[OPE-L:7506] Re: Naples on gold

From: Fred B. Moseley (fmoseley@mtholyoke.edu)
Date: Mon Aug 12 2002 - 08:45:19 EDT

On Fri, 9 Aug 2002, Rakesh Bhandari wrote:

> Michele Naples writes in her contribution to *Marx and Non 
> Equilibrium Economics*, ed. Alan Freeman and Guglielmo Carchedi 
> (1996):
> "Marx used 'value of money' and 'exchange value' of money 
> interchangeably because to him, gold, was a non transformed 
> value...As I have suggested elsewhere...Marx's language is consistent 
> because gold is produced in mines. Thus *gold exchanges at its value* 
> rather than price of production, since mineowners collect absolute 
> rent. The neo Ricardian solution is wrong on gold because it 
> abstracts from land, a crucial means of production in mining, and 
> from landowners' rent. It treats gold as infinitely reproducible, 
> like other commodities. But Marx made clear that the good which 
> serves as commodity money must be scarce to serve as money. Just as 
> Marx rejected Ricardo, he would reject the neo Ricardian model where 
> the exchange value of money is determined in the same way as other 
> commodities' price of production." p.103

I think Rakesh and Michele are on the right track here.  I think this
passage points to the fundamental theoretical reason why Gils "accounting
equation" for gold does not belong in Marx's theory of prices of
production.  The money commodity, gold, is a scarce mineral, that is
privately owned in capitalism.  Therefore, the exchange-value of gold with
other commodities MUST INCLUDE RENT for the owners of the gold mines,
including absolute rent on the least fertile gold mines.  This component
of rent is missing entirely from the Sraffian concept of the
numeraire.  Sraffa's theory assumes the numeraire is one of the
manufactured goods, with no rent.  I had temporarily forgotten about this
important difference between Marx's theory and Sraffa's theory.  Thanks to
Rakesh (and Michele) for reminding me.  

According to Marxs theory, presented in Part 6 of Volume 3, and especially
Chapter 45, the prices of minerals and of agricultural commodities are
DETERMINED DIFFERENTLY from the prices of manufactured goods.  Minerals
and agricultural commodities are determined by their VALUES, not by their
prices of production.  Marx assumed that mining and agricultural
industries have a lower than average composition of capital.  Therefore,
the values of mining and agricultural commodities are greater than their
prices of production, and the surplus-value produced in these industries
is greater than the average rate of profit.  However, because of their
monopoly over these scarce natural resources, the owners are able to block
the transformation of values into prices of production and secure the
extra surplus-value for themselves as absolute rent.  In other words,
mining and agricultural industries DO NOT PARTICIPATE IN THE EQUALIZATION
OF PROFIT RATES with manufacturing industries.  
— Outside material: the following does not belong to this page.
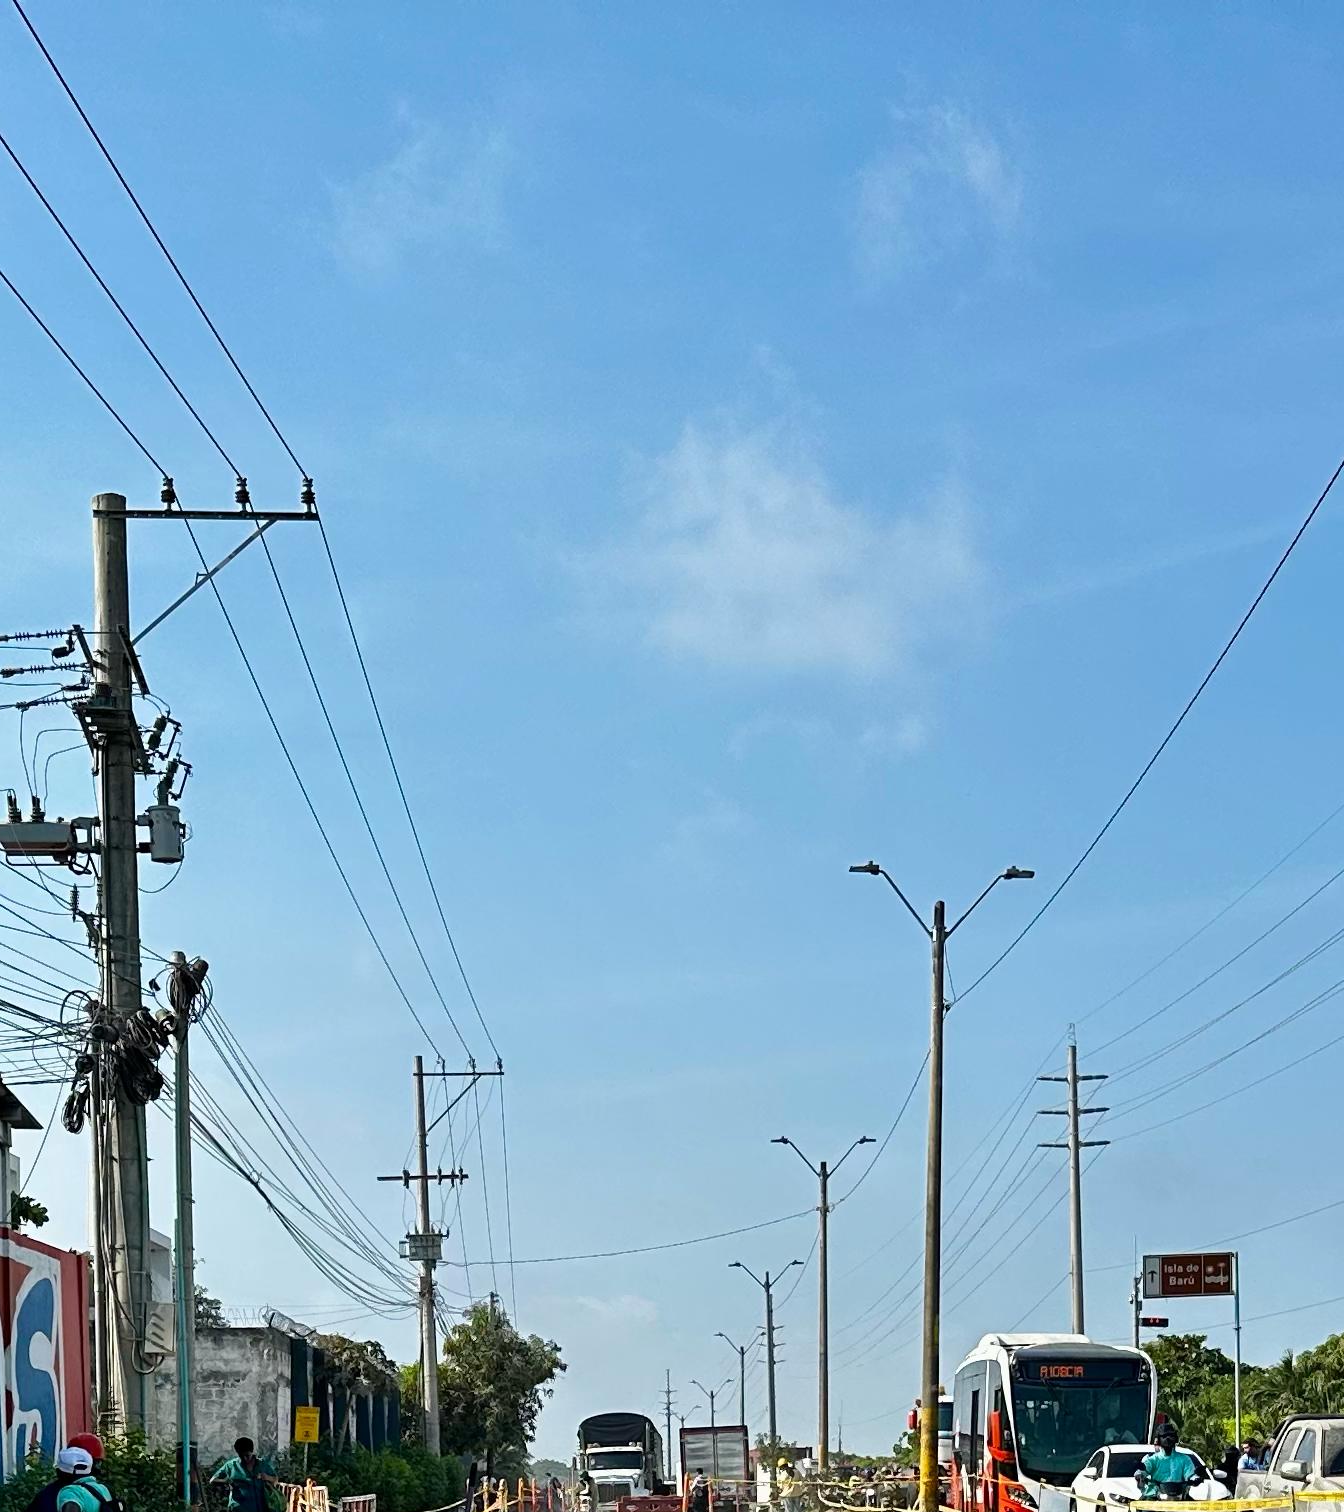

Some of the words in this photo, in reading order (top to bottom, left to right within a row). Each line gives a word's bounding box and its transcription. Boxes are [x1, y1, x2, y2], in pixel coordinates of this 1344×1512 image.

Therefore, the n Sraffian equations that we have been discussing do not
correctly represent Marxs theory.  The prices of mining and agricultural
commodities, and the exchange-value of gold, are determined by their
values, independent of manufacturing industries and the average rate of
profit.  Therefore, the system of equations expressing the determination
of prices of production and the equalization of the profit rate should not
include equations for mining and agricultural commodities, and in
particular should not include an equation for gold.  

Lets say there are (n-1) non-mining and non-agricultural industries.  In
this case, there would be (n-1) equations in (n+1) unknowns  the
(n-1) absolute prices, the wage rate and the rate of profit.  As I have
discussed before, taking the wage rate as given in this system does not
uniquely determine the rate of profit.  These (n-1) equations  and the
wage rate are consistent with an infinite number of rates of profit, which
could be determined outside this system of equations, as in Marxs
theory.  And, if the rate of profit is also taken as given, along with the
wage rate, then this system is not overdetermined, but rather determinant
of the (n-1) absolute prices.  
Thanks again to Rakesh for helping to clarify this crucial point.  

I have a family trip for a couple of days, and  will be off OPEL until the
end of the week.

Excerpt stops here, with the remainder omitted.